Diagram of the habitable zone around the Sun and 40 Eridani
Credit: NASA/JPL

The size and location of an HZ depend on the size and type of its star. In our Solar System, this zone stretches from just outside Venus' orbit to just inside that of Mars. You have probably noticed that this zone includes the Earth

Typically, hot, bright stars have wide HZs. Let's use the star Sirius as an example. Sirius is 26 times brighter than the Sun. If our Earth was in orbit around Sirius, it would have to be much further away from the star to enjoy the same temperatures. In fact, it would have to be at about the same distance as Jupiter is from the Sun. In contrast, if the Earth were in orbit around a much dimmer star, like 40 Eridani it would need to be much closer. The Earth would need to be in a Venus-like orbit to receive its present level of warmth.

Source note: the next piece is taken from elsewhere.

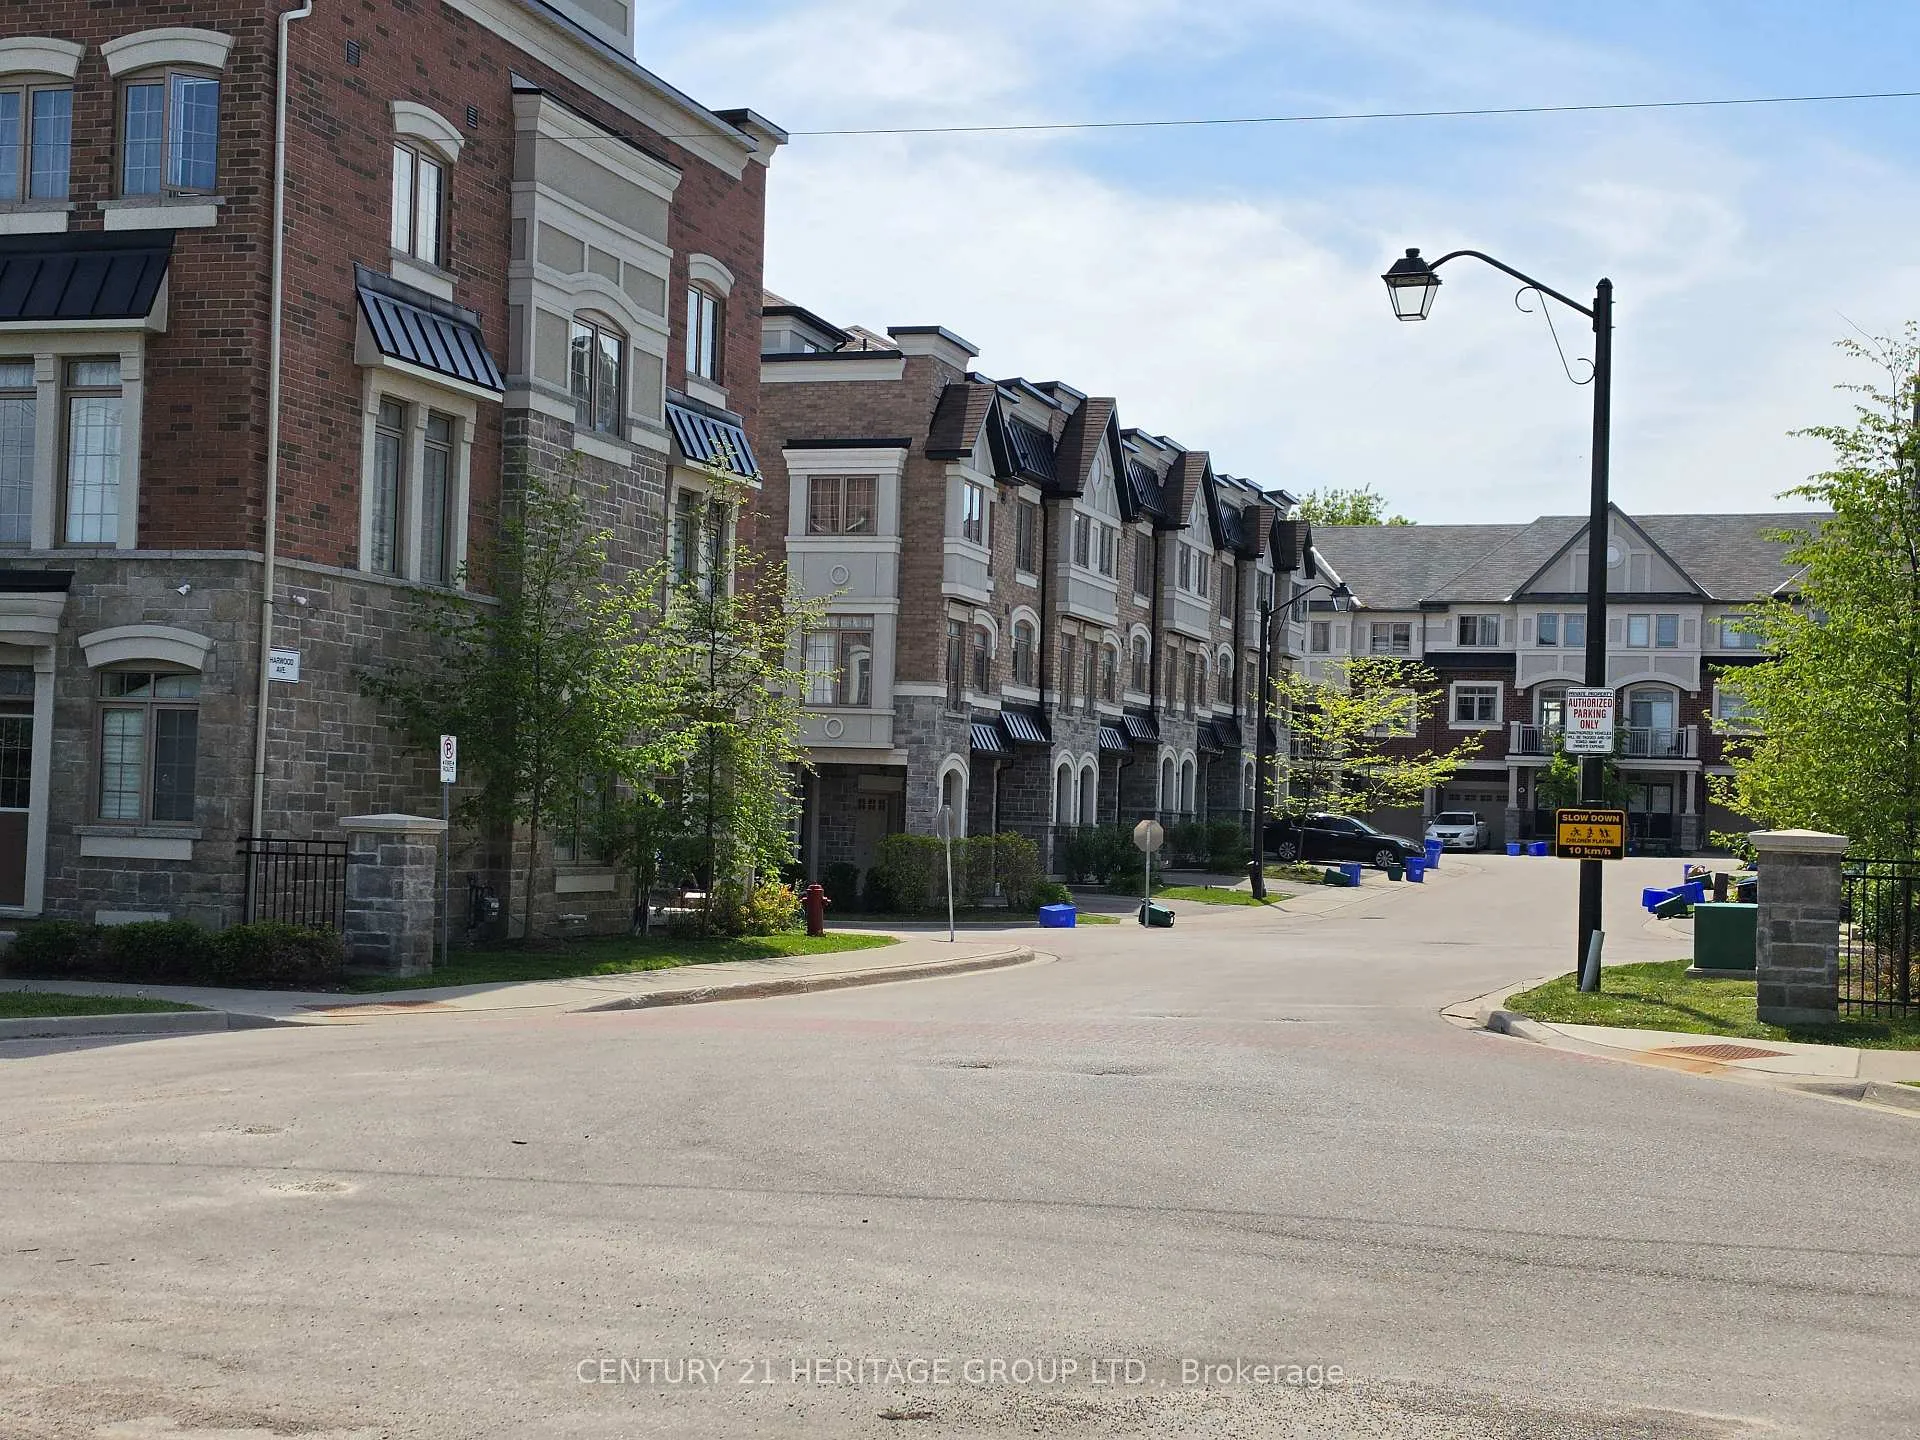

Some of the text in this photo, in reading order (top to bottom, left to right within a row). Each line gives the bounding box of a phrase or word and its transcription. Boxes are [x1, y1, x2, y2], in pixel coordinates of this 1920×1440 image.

[1568, 698, 1612, 708] AUTHORIZED
[1573, 709, 1607, 718] PARKING
[1580, 719, 1599, 729] ONLY
[1569, 846, 1611, 855] 10 km/h

Of course, few scientific definitions are ever that simple. Just because a planet is in an HZ does not mean that liquid water does or even can exist there. For example, a planet's cloud cover or atmosphere will affect its surface temperature. And we cannot assume that every world outside an HZ cannot sustain life. Moons that are outside an HZ may have other sources of heat which allow liquid water to exist. For example, Jupiter's tidal forces produce heat on some of its moons. 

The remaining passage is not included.